*Records provided*:
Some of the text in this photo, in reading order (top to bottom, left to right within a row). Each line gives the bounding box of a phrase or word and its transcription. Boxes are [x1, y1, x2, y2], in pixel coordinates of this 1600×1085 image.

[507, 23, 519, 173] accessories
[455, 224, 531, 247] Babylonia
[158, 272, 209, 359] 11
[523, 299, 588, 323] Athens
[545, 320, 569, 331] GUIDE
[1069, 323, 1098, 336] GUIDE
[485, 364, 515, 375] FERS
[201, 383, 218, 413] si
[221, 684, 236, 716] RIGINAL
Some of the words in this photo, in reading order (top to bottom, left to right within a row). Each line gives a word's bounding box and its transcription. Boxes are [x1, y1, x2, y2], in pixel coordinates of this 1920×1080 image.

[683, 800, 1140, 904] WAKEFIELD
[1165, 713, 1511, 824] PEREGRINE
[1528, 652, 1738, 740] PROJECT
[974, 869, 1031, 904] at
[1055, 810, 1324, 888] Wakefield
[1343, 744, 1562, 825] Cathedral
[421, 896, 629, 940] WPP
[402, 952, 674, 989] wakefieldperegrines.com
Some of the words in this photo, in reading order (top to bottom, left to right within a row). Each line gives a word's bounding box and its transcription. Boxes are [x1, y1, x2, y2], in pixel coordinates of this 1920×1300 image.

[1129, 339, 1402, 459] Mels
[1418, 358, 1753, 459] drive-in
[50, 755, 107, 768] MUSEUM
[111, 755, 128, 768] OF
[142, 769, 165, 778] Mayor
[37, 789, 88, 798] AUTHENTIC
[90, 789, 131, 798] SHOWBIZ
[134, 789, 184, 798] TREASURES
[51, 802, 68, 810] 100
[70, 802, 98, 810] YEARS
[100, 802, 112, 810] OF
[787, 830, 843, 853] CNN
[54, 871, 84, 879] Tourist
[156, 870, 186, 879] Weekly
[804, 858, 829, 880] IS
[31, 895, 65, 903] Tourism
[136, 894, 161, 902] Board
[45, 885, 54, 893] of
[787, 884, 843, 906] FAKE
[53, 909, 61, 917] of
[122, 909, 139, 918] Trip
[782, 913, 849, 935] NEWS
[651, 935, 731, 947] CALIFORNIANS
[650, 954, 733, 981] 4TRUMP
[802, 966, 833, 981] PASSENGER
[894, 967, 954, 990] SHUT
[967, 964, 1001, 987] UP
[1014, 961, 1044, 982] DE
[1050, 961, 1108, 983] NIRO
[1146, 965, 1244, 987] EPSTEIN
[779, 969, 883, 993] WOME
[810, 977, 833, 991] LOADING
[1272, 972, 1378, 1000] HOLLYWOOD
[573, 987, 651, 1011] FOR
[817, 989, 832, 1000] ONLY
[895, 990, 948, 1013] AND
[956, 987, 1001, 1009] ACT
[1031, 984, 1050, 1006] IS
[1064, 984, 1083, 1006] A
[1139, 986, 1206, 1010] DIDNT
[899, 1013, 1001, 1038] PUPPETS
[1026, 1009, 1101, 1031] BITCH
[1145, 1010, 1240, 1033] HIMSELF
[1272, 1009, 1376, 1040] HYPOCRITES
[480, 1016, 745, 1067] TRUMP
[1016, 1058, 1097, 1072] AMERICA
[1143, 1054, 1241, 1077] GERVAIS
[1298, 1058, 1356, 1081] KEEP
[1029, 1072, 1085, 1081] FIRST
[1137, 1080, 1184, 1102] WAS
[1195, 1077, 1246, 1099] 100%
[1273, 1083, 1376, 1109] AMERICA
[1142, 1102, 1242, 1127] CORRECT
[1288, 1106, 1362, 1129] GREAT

*Directions*:
In full and without alteration, transcribe the entries above.

*Result of the task*:
Some of the text in this photo, in reading order (top to bottom, left to right within a row). Each line gives the bounding box of a phrase or word and its transcription. Boxes are [x1, y1, x2, y2], in pixel coordinates of this 1600×1085 image.

[507, 23, 519, 173] accessories
[455, 224, 531, 247] Babylonia
[158, 272, 209, 359] 11
[523, 299, 588, 323] Athens
[545, 320, 569, 331] GUIDE
[1069, 323, 1098, 336] GUIDE
[485, 364, 515, 375] FERS
[201, 383, 218, 413] si
[221, 684, 236, 716] RIGINAL
Some of the words in this photo, in reading order (top to bottom, left to right within a row). Each line gives a word's bounding box and its transcription. Boxes are [x1, y1, x2, y2], in pixel coordinates of this 1920×1080 image.

[683, 800, 1140, 904] WAKEFIELD
[1165, 713, 1511, 824] PEREGRINE
[1528, 652, 1738, 740] PROJECT
[974, 869, 1031, 904] at
[1055, 810, 1324, 888] Wakefield
[1343, 744, 1562, 825] Cathedral
[421, 896, 629, 940] WPP
[402, 952, 674, 989] wakefieldperegrines.com
Some of the words in this photo, in reading order (top to bottom, left to right within a row). Each line gives a word's bounding box and its transcription. Boxes are [x1, y1, x2, y2], in pixel coordinates of this 1920×1300 image.

[1129, 339, 1402, 459] Mels
[1418, 358, 1753, 459] drive-in
[50, 755, 107, 768] MUSEUM
[111, 755, 128, 768] OF
[142, 769, 165, 778] Mayor
[37, 789, 88, 798] AUTHENTIC
[90, 789, 131, 798] SHOWBIZ
[134, 789, 184, 798] TREASURES
[51, 802, 68, 810] 100
[70, 802, 98, 810] YEARS
[100, 802, 112, 810] OF
[787, 830, 843, 853] CNN
[54, 871, 84, 879] Tourist
[156, 870, 186, 879] Weekly
[804, 858, 829, 880] IS
[31, 895, 65, 903] Tourism
[136, 894, 161, 902] Board
[45, 885, 54, 893] of
[787, 884, 843, 906] FAKE
[53, 909, 61, 917] of
[122, 909, 139, 918] Trip
[782, 913, 849, 935] NEWS
[651, 935, 731, 947] CALIFORNIANS
[650, 954, 733, 981] 4TRUMP
[802, 966, 833, 981] PASSENGER
[894, 967, 954, 990] SHUT
[967, 964, 1001, 987] UP
[1014, 961, 1044, 982] DE
[1050, 961, 1108, 983] NIRO
[1146, 965, 1244, 987] EPSTEIN
[779, 969, 883, 993] WOME
[810, 977, 833, 991] LOADING
[1272, 972, 1378, 1000] HOLLYWOOD
[573, 987, 651, 1011] FOR
[817, 989, 832, 1000] ONLY
[895, 990, 948, 1013] AND
[956, 987, 1001, 1009] ACT
[1031, 984, 1050, 1006] IS
[1064, 984, 1083, 1006] A
[1139, 986, 1206, 1010] DIDNT
[899, 1013, 1001, 1038] PUPPETS
[1026, 1009, 1101, 1031] BITCH
[1145, 1010, 1240, 1033] HIMSELF
[1272, 1009, 1376, 1040] HYPOCRITES
[480, 1016, 745, 1067] TRUMP
[1016, 1058, 1097, 1072] AMERICA
[1143, 1054, 1241, 1077] GERVAIS
[1298, 1058, 1356, 1081] KEEP
[1029, 1072, 1085, 1081] FIRST
[1137, 1080, 1184, 1102] WAS
[1195, 1077, 1246, 1099] 100%
[1273, 1083, 1376, 1109] AMERICA
[1142, 1102, 1242, 1127] CORRECT
[1288, 1106, 1362, 1129] GREAT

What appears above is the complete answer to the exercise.